A Colômbia é o termômetro pelo qual todos os Governos se medem. Desde o começo da crise no país vizinho, já recebeu quase um milhão de venezuelanos. A maioria entrou por acessos terrestres oficiais, mas 45.000 usaram os caminhos irregulares que se escondem nos mais de 2.000 quilômetros de fronteira comum. Para dar resposta a essa crise humanitária, o Governo do ex-presidente Juan Manuel Santos concebeu um cartão migratório que permite a passagem desses cidadãos. Este primeiro cadastro serve para criar um censo migratório, ainda em desenvolvimento. Através desse sistema, os migrantes têm acesso de forma regular aos sistemas de saúde e educação e ao mercado de trabalho.

Os venezuelanos que seguem a rota para o sul da região – rumo a países como Equador, Peru e Chile – percorrem de ônibus os mais de 1.000 quilômetros que separam a fronteira com a Venezuela. Dada a magnitude do fluxo migratório, as autoridades colombianas estão conscientes de que não podem exigir o passaporte como requisito de entrada no país, como decidiram o Equador e o Peru para controlar a onda de recém-chegados. “Sabemos que seu Governo não os está expedindo, pedi-lo seria castigar o povo pelos erros de seus mandatários”, declarou Christian Krüger, diretor de Migração da Colômbia.

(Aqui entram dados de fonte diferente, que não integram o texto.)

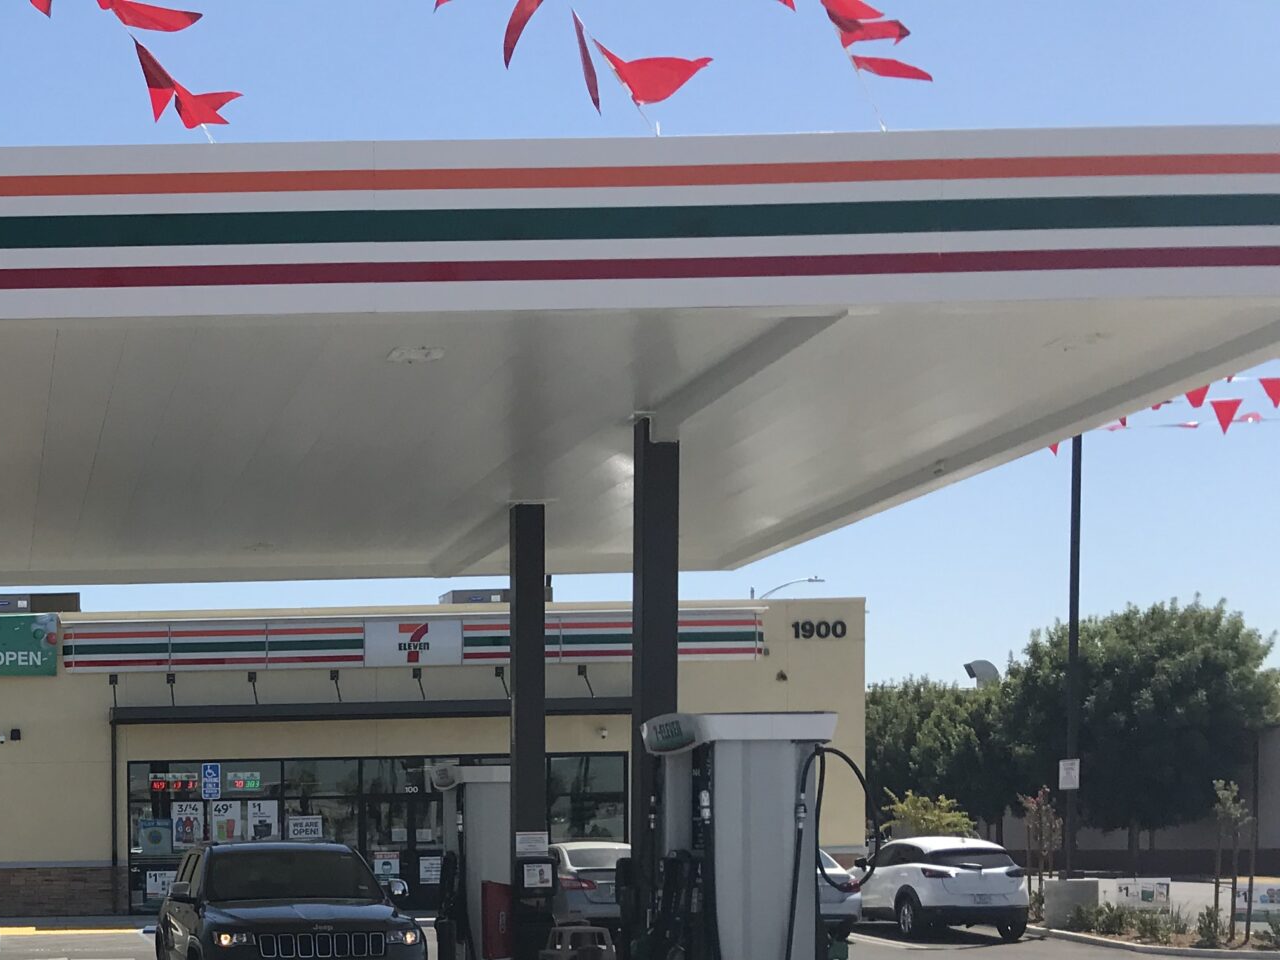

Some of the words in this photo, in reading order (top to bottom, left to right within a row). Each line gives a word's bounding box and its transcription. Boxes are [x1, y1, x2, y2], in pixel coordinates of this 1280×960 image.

As beiradas do território colombiano são desprovidas de controle estatal, dominadas pelos grupos armados que se dedicam ao tráfico de drogas, combustível, madeira e mineração ilegal. As cidades fronteiriças convivem há décadas com sua crise particular, que não se baseia apenas na insegurança, mas também as priva dos serviços básicos de qualidade. A situação dessas comunidades se agravaria ainda mais se os venezuelanos que fogem do seu país ficassem ali confinados.

“As medidas adotadas até o momento pelas autoridades não fazem parte de uma política pública integral, cada Estado dentro da margem de sua soberania antecipou suas medidas de maneira independente”, opina María Teresa Palacios, diretora do Grupo de Pesquisas Independentes de Direitos Humanos da Universidade del Rosario, de Bogotá. “Pode-se qualificar como assistência humanitária”, acrescenta. “Há heterogeneidade e pouca consistência com o que já se fez”, acrescenta Dany Bahar, pesquisador da Brookings Institution, para quem o mais urgente é obter um consenso regional “Não há outra solução, a solução para os problemas mais óbvios, como o colapso dos serviços de saúde, vai depender das políticas públicas que forem aplicadas, os Governos têm que olhar as vantagens que a imigração traz.”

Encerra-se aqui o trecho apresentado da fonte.